* Collected data
-------

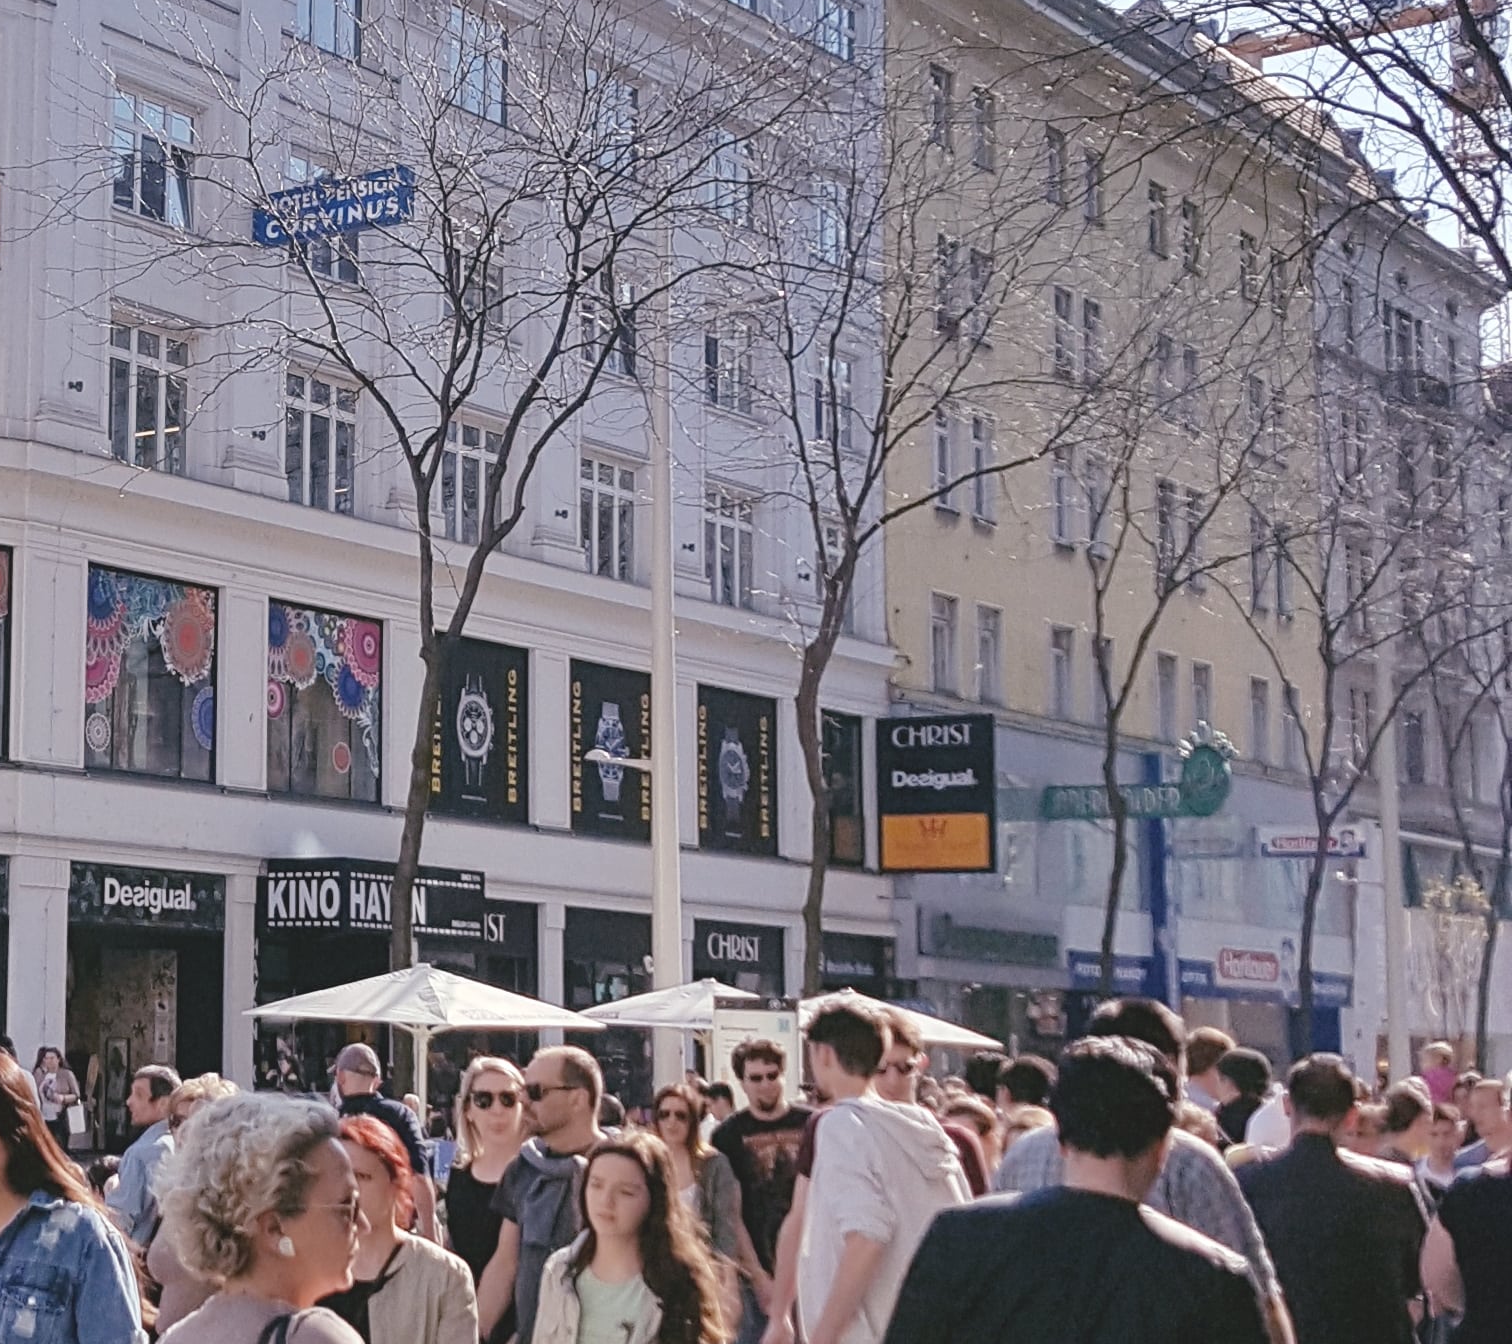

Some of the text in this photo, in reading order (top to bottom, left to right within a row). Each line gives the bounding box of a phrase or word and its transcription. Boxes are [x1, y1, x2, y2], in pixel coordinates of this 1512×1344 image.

[508, 669, 518, 803] BREITLING
[573, 681, 582, 813] BREITLING
[892, 723, 973, 748] CHRIST
[699, 705, 708, 830] BREITLING
[104, 877, 192, 914] Desigual
[267, 878, 427, 926] KINO HAYN
[707, 932, 760, 962] CHRIST
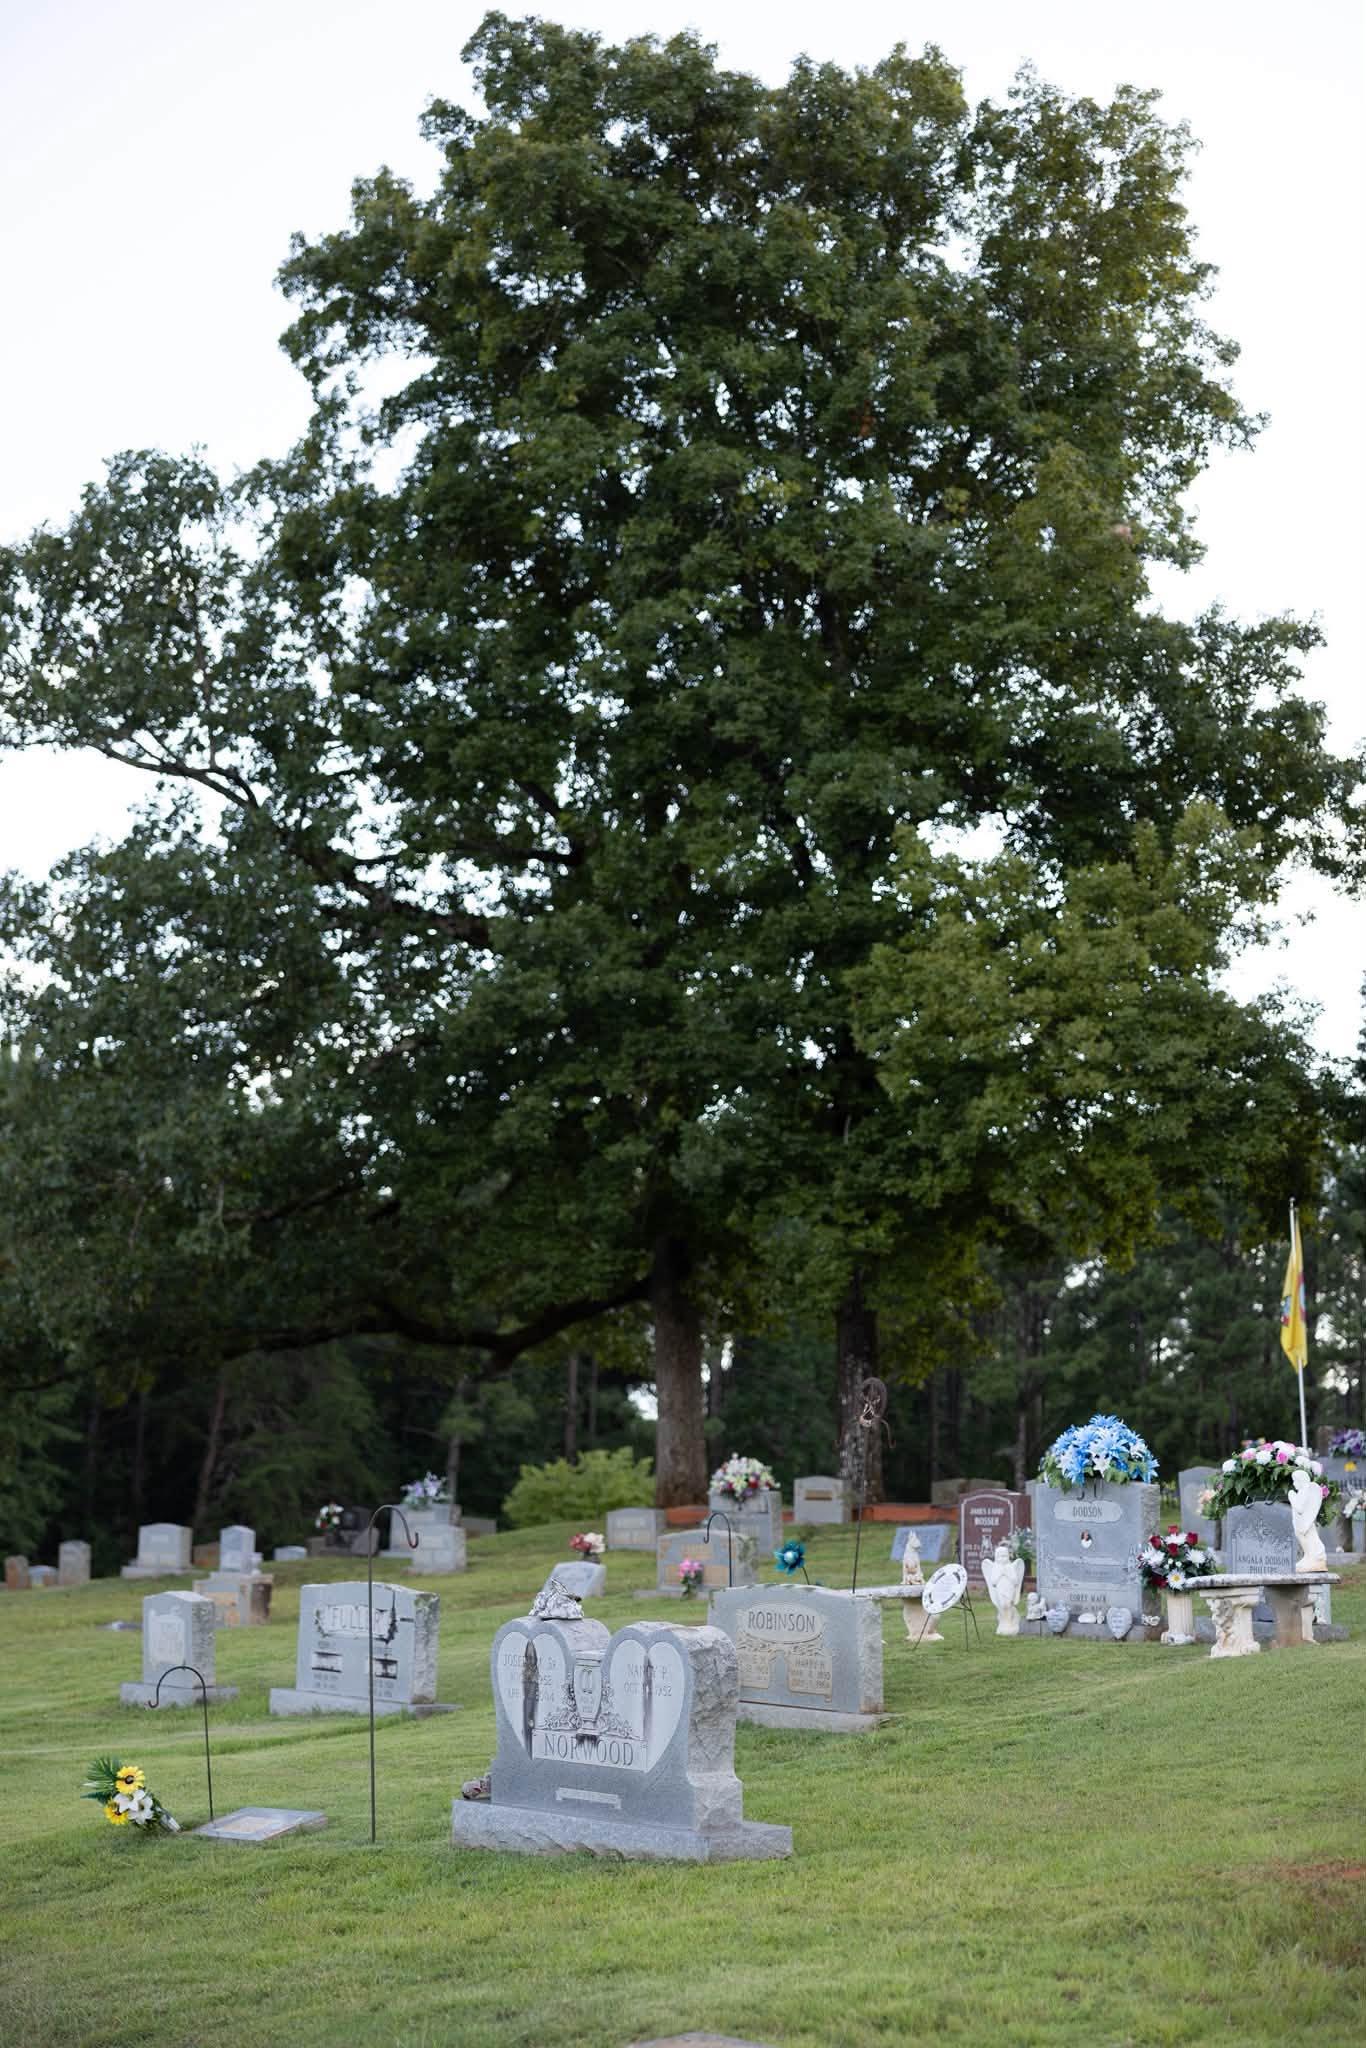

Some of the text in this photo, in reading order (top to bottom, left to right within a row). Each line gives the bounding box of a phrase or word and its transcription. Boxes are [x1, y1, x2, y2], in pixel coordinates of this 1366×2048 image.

[1072, 1505, 1103, 1519] DODSON
[1264, 1555, 1291, 1567] DODSON
[748, 1611, 815, 1633] ROBINSON
[543, 1731, 635, 1767] NORWOOD

-------

Only the line that contains "this 1366×2048 image." and the lines after it, through the end of the data above, are to be repeated exactly.

* ANSWER SPACE
Some of the text in this photo, in reading order (top to bottom, left to right within a row). Each line gives the bounding box of a phrase or word and its transcription. Boxes are [x1, y1, x2, y2], in pixel coordinates of this 1366×2048 image.

[1072, 1505, 1103, 1519] DODSON
[1264, 1555, 1291, 1567] DODSON
[748, 1611, 815, 1633] ROBINSON
[543, 1731, 635, 1767] NORWOOD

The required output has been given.